Andros has invested heavily in sports. The group sponsors the Andros Trophy, an ice rallycross motorsport championship contest held in France since 1990, the Image Club d'Épinal, an ice hockey team, and French rugby union club CA Brive. A locally rooted firm, Andros is one of the most loyal and oldest of the Corrèze club and appeared season after season on the club's jerseys as a main sponsor. The firm appeared on the 1996–97 Heineken Cup winners' jerseys when Brive defeated Leicester Tigers in final. Xavier Ric, one of the current Brive officials, worked for Andros. Some former Brive players, such as Jean-Luc Joinel, Cédric Heymans, and Alain Penaud, work for the company.

More recently, Andros became sponsor of the French National Rugby League, the French Olympic Committee (CNOSF), rugby union club Racing 92 and the 2023 Rugby World Cup.

The firm also operates as a provider and a supplier for these clubs and institutions, offering fruit products for the clubs' meals and children's games.

==Controversies==
In March 2015, Novandie, a subsidiary of the Andros group, along with eight other companies, was sentenced in a “yoghurt cartel” case for consipiring on the prices of dairy products.
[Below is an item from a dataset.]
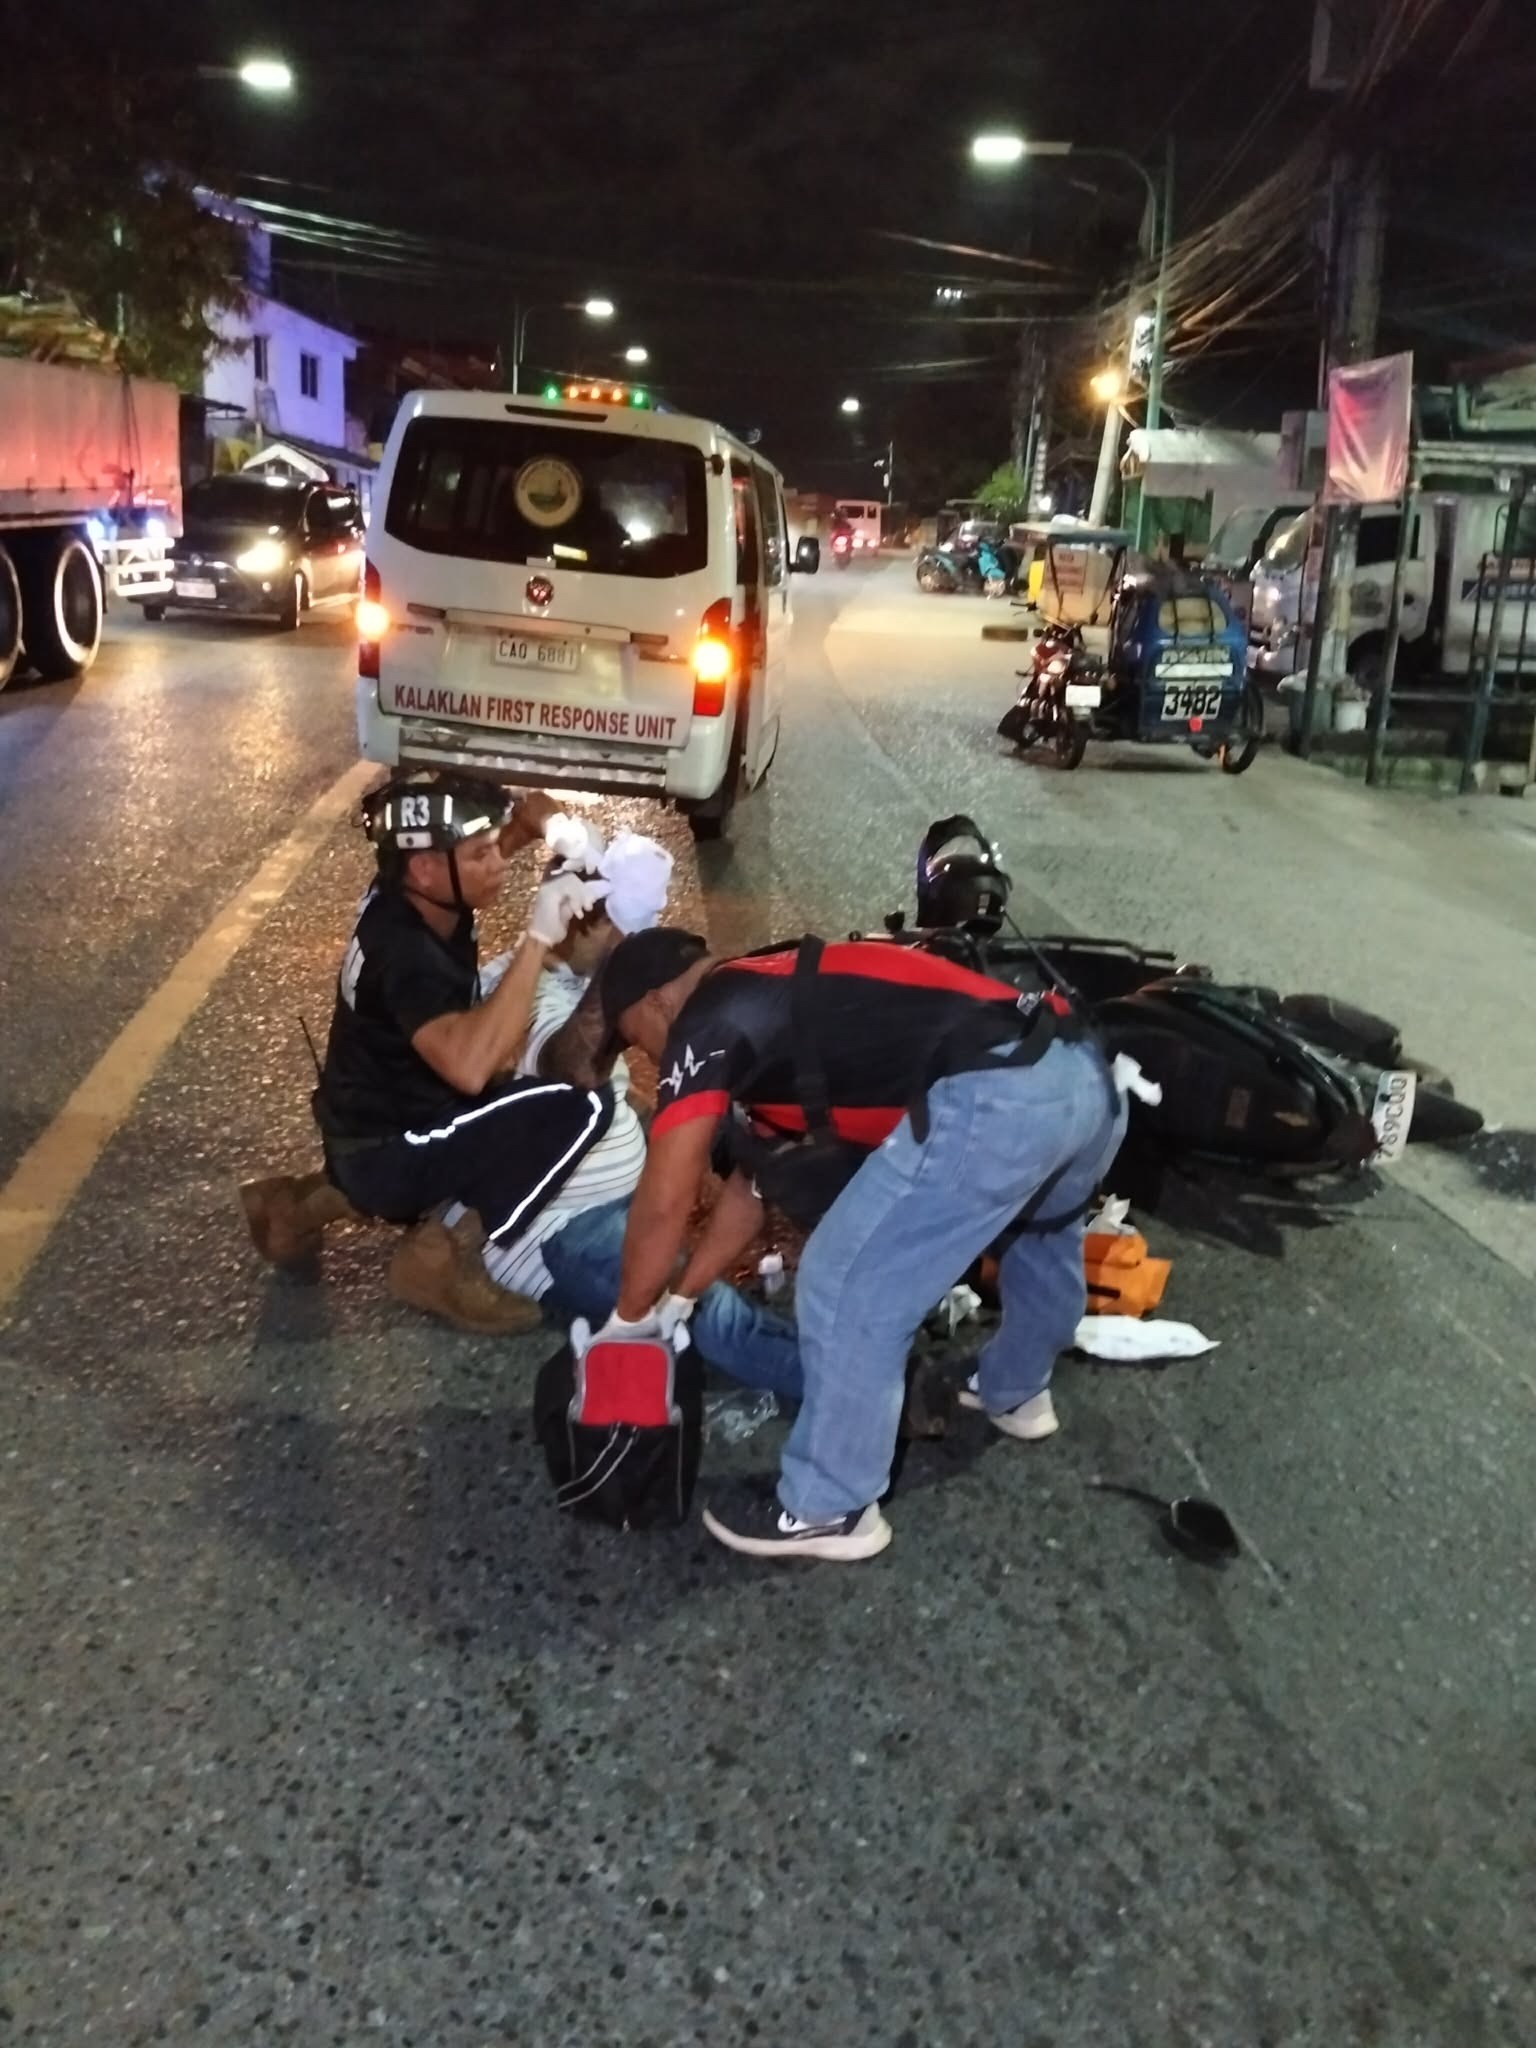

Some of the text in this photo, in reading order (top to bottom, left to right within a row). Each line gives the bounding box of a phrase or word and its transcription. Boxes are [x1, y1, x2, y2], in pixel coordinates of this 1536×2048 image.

[394, 684, 677, 740] KALAKLAN FIRST RESPONSE UNIT
[401, 795, 430, 827] R3
They were initially subjected to a fine of 38.3 million euros, but in 2017, the Paris Court of Appeal reduced the fine to 35 million euros.

In 2019, the Andros group was again convicted by the Competition Authority in the "compote cartel" case for forming a cartel with other businesses in the compote market to co-ordinate price increases. Initially subject to a 14 million euro fine, the fine was reduced as the investigation noted that "this company had, over the first two years of the cartel, 'disrupted' the operation of the cartel by behaving as a 'maverick' by continuing to conduct an aggressive commercial policy to gain market share."